L’INPS punta a recuperare 900 mln nel 2016 dalla lotta all’evasione

(Teleborsa) – “Il contrasto all’omissione, elusione ed evasione contributiva può dare un contributo molto importante alla riduzione del debito pubblico in Italia”. A sottolinearlo è il presidente dell’INPS, Tito Boeri, in occasione della Giornata Nazionale della Previdenza. “Spesso – ha osservato Boeri – questi fenomeni sono infatti legati al nero e all’evasione fiscale”. 

L’INPS ha un obiettivo: recuperare 600 mln di euro di mancati versamenti derivanti dall’assunzione di circa 100 mila lavoratori per i quali sono stati richiesti “indebitamente” gli sgravi triennali per l’assunzione a tempo indeterminato.
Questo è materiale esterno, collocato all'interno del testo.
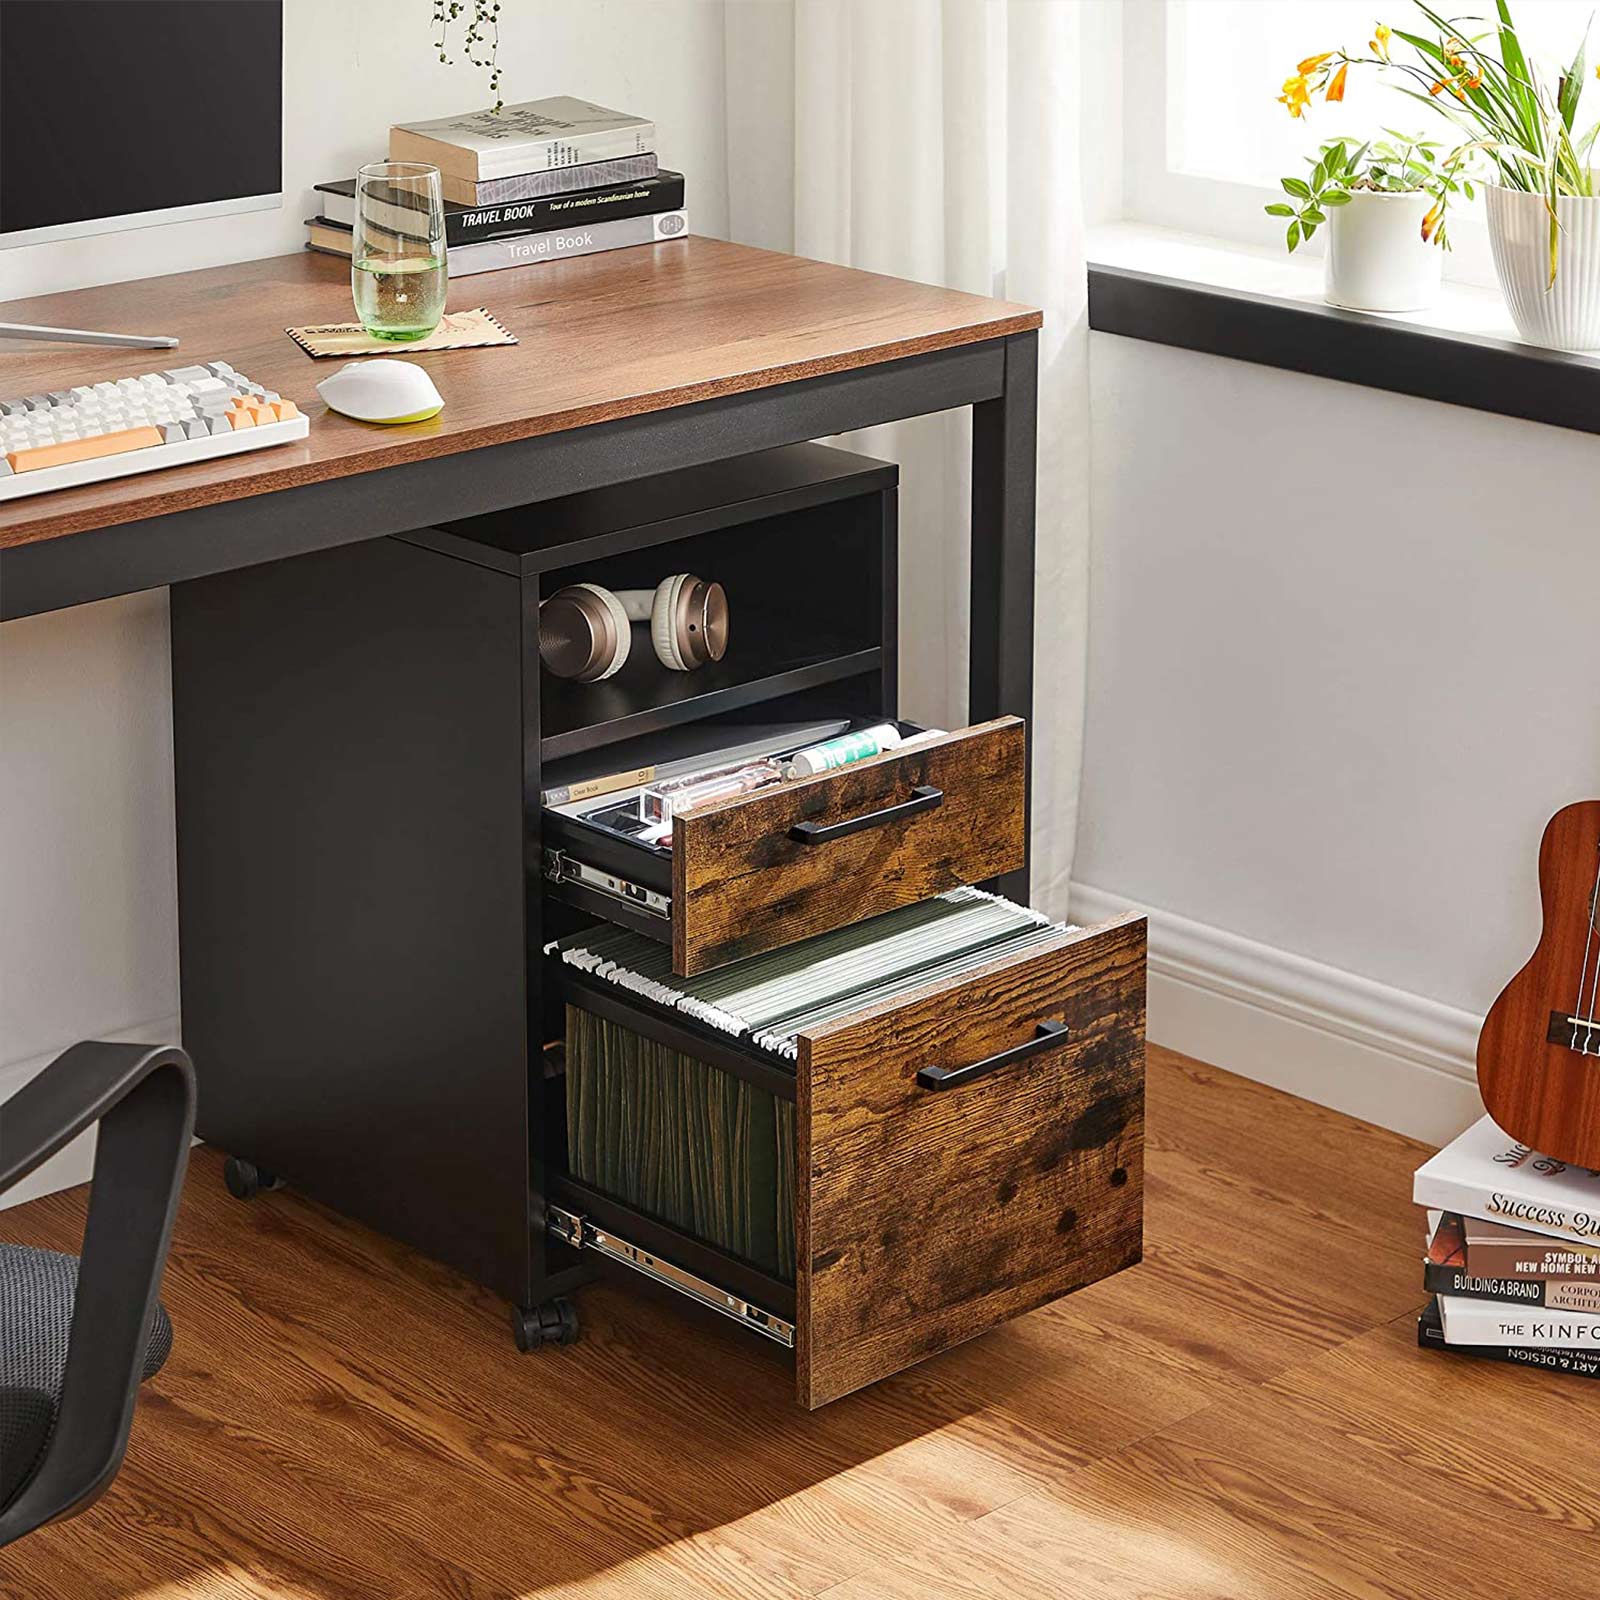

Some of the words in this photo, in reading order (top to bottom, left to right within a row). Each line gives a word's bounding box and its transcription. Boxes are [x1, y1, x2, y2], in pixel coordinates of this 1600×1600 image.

[549, 203, 562, 211] Tour
[562, 200, 571, 209] of
[575, 198, 597, 207] modern
[597, 192, 634, 205] Scandinavian
[634, 190, 650, 198] home
[462, 208, 501, 228] TRAVEL
[503, 204, 536, 222] BOOK
[507, 242, 551, 259] Travel
[556, 232, 593, 251] Book
[586, 785, 599, 793] Book
[1487, 1192, 1566, 1228] Success
[1545, 1252, 1588, 1264] SYMBOL
[1515, 1262, 1539, 1273] NEW
[1540, 1262, 1571, 1274] HOME
[1574, 1263, 1596, 1275] NEW
[1454, 1275, 1499, 1294] BUILDING
[1506, 1280, 1540, 1299] BRAND
[1560, 1285, 1600, 1297] CORPO
[1499, 1324, 1525, 1336] THE
[1508, 1348, 1556, 1366] DESIGN
[1558, 1357, 1570, 1368] &
[1572, 1362, 1598, 1374] ART
Il risultato atteso è di circa 100 milioni di euro di recupero dei contributi e di circa 500 milioni di maggior gettito futuro, per un totale di 600 milioni che contribuiranno alla riduzione del debito pubblico.
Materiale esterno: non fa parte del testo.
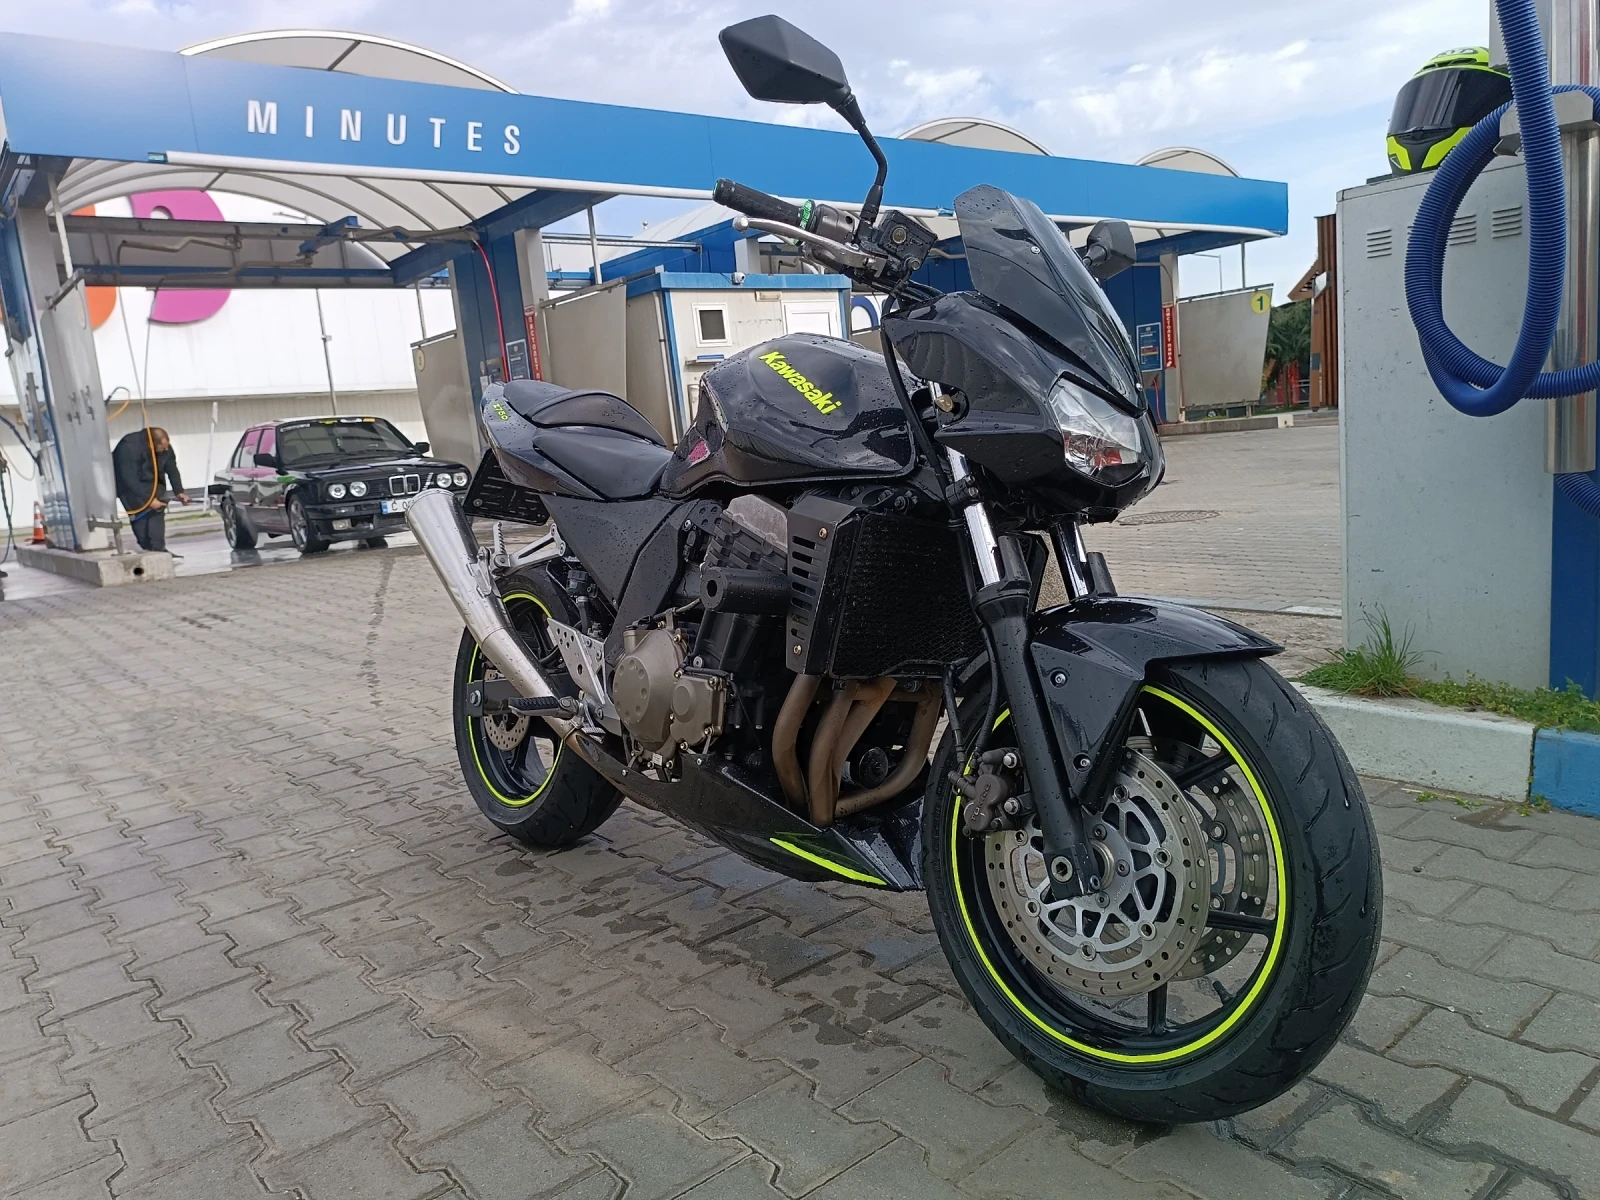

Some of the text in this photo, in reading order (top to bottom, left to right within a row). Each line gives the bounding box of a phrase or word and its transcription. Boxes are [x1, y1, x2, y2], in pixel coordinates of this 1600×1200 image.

[247, 99, 521, 155] MINUTES
[1256, 295, 1263, 310] 1
[759, 351, 842, 415] Kawasaki
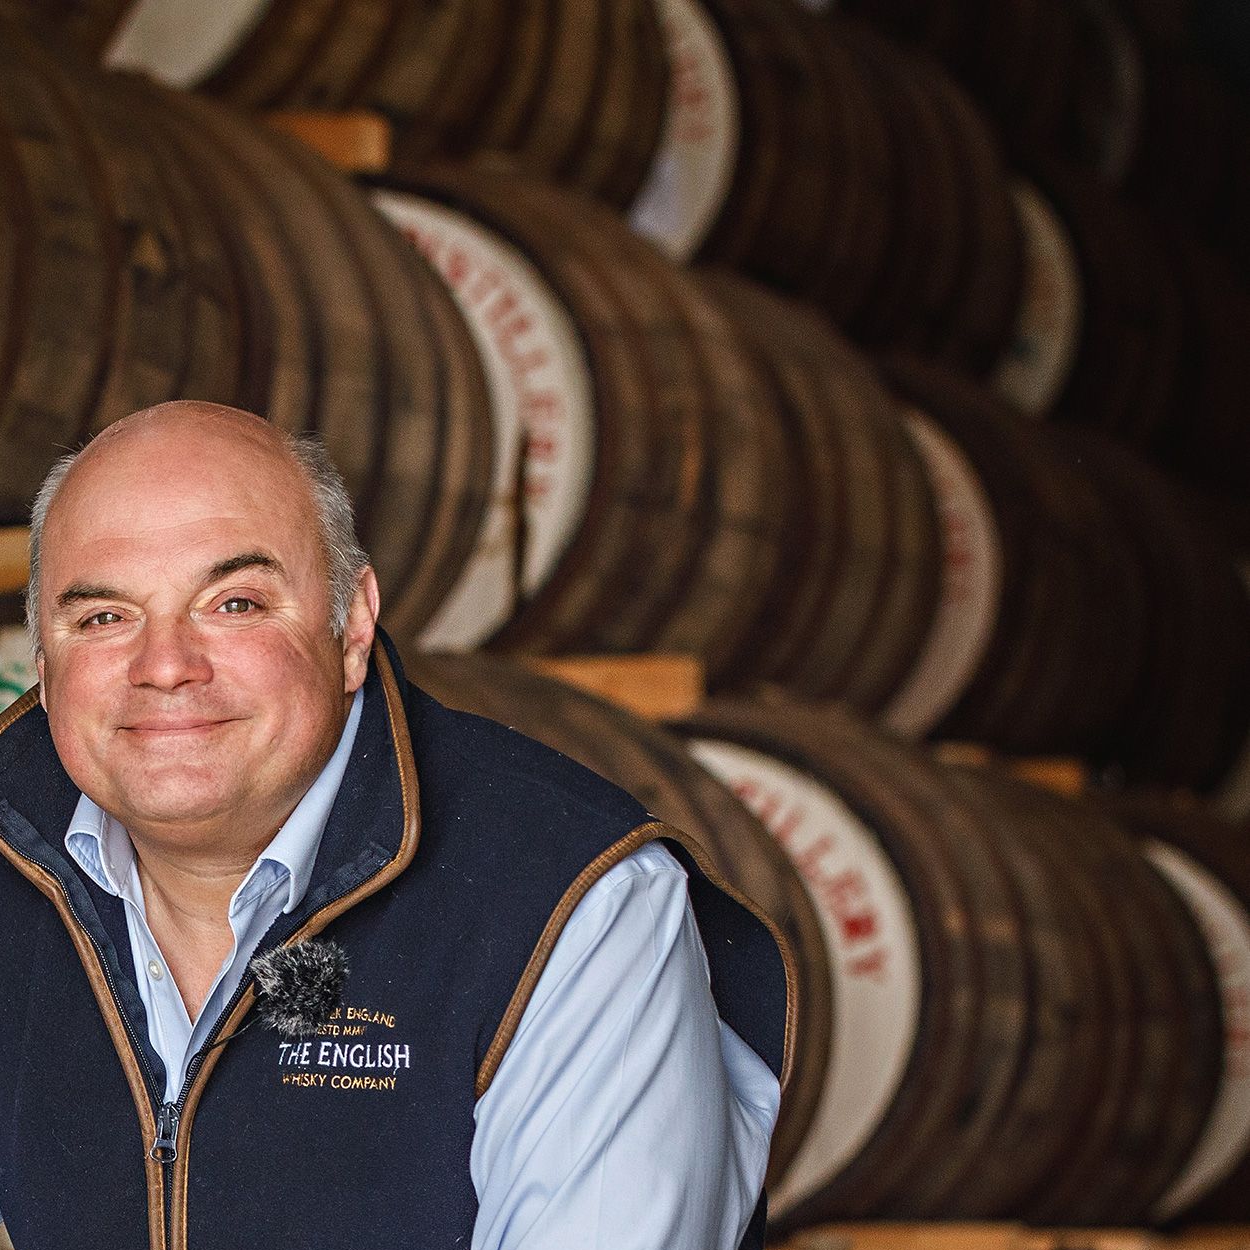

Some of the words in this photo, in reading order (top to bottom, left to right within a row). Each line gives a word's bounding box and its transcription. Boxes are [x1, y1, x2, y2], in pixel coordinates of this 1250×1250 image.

[346, 1007, 396, 1029] ENGLAND
[278, 1041, 312, 1065] THE
[317, 1041, 410, 1069] ENGLISH
[282, 1073, 327, 1087] WHISKY
[331, 1074, 397, 1090] COMPANY
Per l’anno in corso l’Inps stima di recuperare 850-900 milioni di euro dalla lotta all’evasione e l’elusione contributiva grazie al nuovo sistema di controllo della vigilanza documentale basato sull’incrocio delle banche dati e sull’intervento preventivo. “Nel 2014-2015 abbiamo identificato 700 aziende fittizie e le abbiamo bloccate e 30mila finti lavoratori le cui posizioni sono state annullate. Nel 2016 contiamo di arrivare al 50% in più, quindi 500 aziende e 20mila lavoratori per un mancato esborso di 160 milioni”, ha spiegato la direttrice entrate, Gabriella Di Michele.